Узнав об этом, д’Аллион понял, какую глупую роль он играет в Петербурге, и хотел было просить позволения последовать за Мардефельдом. Но через минуту он уже передумал, решив, что нашел безошибочное средство восторжествовать над своими врагами. Положение Лестока, – писал он в Версаль, – слегка поколебленное за последнее время, теперь опять укрепилось, благодаря браку лейб-медика, имеющему высокое политическое значение. Гиндфорд покатился со смеху, читая вместе с Бестужевым эту депешу французского поверенного в делах, перехваченную, как и все остальные. Он сам послал недавно графу Штейнбергу описание этого брака, «над которым потешался весь двор и весь город». Лесток уже много лет находился в связи с г-жей Менгден, сестрой бывшей фаворитки Анны Леопольдовны, что вызывало очень нежелательные толки, и в конце концов был принужден жениться на своей старой любовнице. Но вряд ли он мог этим что-нибудь выиграть.[532]
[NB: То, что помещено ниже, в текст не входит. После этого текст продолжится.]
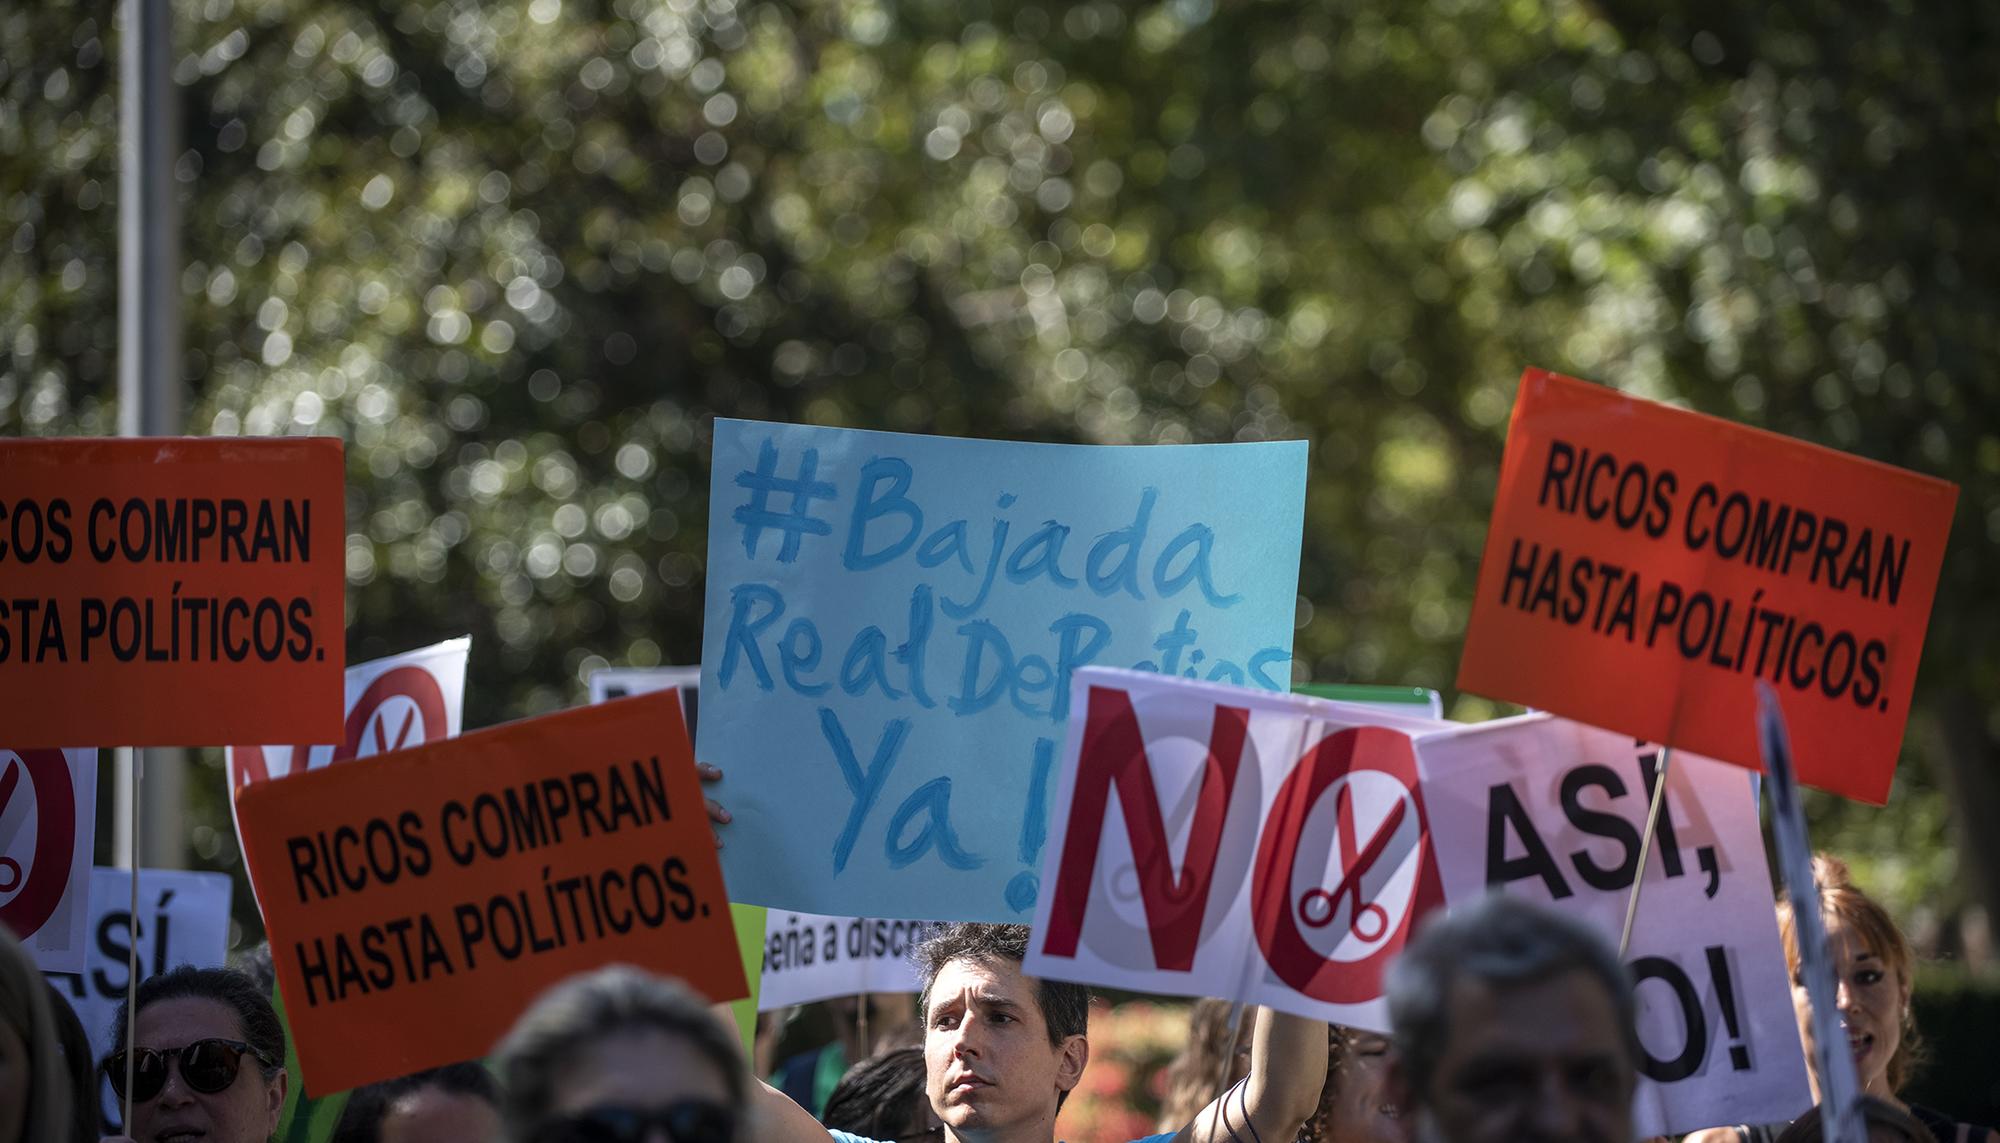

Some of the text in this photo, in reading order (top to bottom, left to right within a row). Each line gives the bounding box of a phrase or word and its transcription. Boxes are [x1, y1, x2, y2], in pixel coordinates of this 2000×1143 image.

Д’Аржансон же, – как это ни странно, – отнеся серьезно к мистификации злополучного д’Аллиона. И только в октябре 1747 года, когда заведование иностранными делами перешло от него к маркизу Пюизье, в Версале поняли, что Францию уже достаточно унижали на берегах Невы. Д’Аллион должен был сдать дела французскому консулу Сен-Северину, и дипломатические сношения обеих стран прервались на длинный ряд лет.Таким образом подготовилось событие, которое один из моих предшественников назвал на мой взгляд не вполне справедливо – «неслыханным, почти невероятным и беспримерным со времени великого нашествия монголов или татар»,[533]
а именно, появление на берегах Рейна русского корпуса, посланного чтоб охладить воинственный пыл победителей при Року и Берген-оп-Цоом. Франция и Западная Европа, совсем не в такие далекие времена, а еще сравнительно очень недавно, видели на тех же полях сражения русскую армию Ласси. Но, без сомнения, это зрелище было еще достаточно ново, чтобы произвести впечатление.Дипломаты Фридриха и Людовика XV потерпели в Петербурге полное поражение. Однако после 1745 года положение Версаля и Берлина по отношению к России не было одинаково. Прусский король сумел оградить себя Ганноверской конвенцией от нападения морских держав и их вспомогательных отрядов; поэтому выступление русского корпуса, о котором так много кричали в Европе, не могло ему угрожать. И благодаря тому, что он твердо стоял да почве своего соглашения с Лондоном и постарался примириться с Петербургом, прислав туда нового посла, графа Финкенштейна, он действительно добился того, что русские войска не нанесли ему никакого ущерба. Правда, июньский договор 1747 года был дополнен в ноябре и в декабре новыми статьями, в силу которых русский вспомогательный корпус увеличивался с тридцати тысяч человек до сорока тысяч, а одна из этих «секретных статей» заранее обрекала на неуспех миссию Финкенштейна: она открыто подчеркивала, что англо-русский договор заключался с единственною целью сломить прусского короля. «Кроме того, – писал Претлак в Вену, – канцлер по приказу императрицы дал письменное обязательство, что, в случае столкновения русского корпуса с войсками прусского короля, императрица не только усилит отряд, но отдаст немедленный приказ снарядить к будущей весне двенадцать военных кораблей и шесть фрегатов для совместных действий с флотилией галер на берегах Померании».[534]
Это секретное условие настолько противоречило недавнему соглашению Англии с Фридрихом II, что самое существование его вызывает до сих пор большие сомнения. Но надо помнить, что английская политика подчинялась в то время двум различным течениям, из которых одно было явно враждебно Пруссии. С другой стороны и Бестужев, вступая в договор с морскими державами, должен был считаться с личными чувствами своей государыни. А Елизавета, как мы это знаем, согласилась принять участие в войне и поставить свою империю в унизительное положение находящейся на жалованьи иностранного государства державы исключительно из ненависти к шаху Надиру прусскому. Он был в ее глазах главным и единственным врагом России: он несправедливо затеял ссору с Австрией и Саксонией, беспрестанно нарушал мир и, как вероломный изменник, заслуживал того, чтоб Европа раз навсегда хорошенько проучила его. В январе 1748 года она выехала из Петербурга и прожила несколько дней за городом, несмотря на то, что стояли большие морозы, только для того, чтоб не присутствовать на празднике прусского ордена Черного Орла.[535]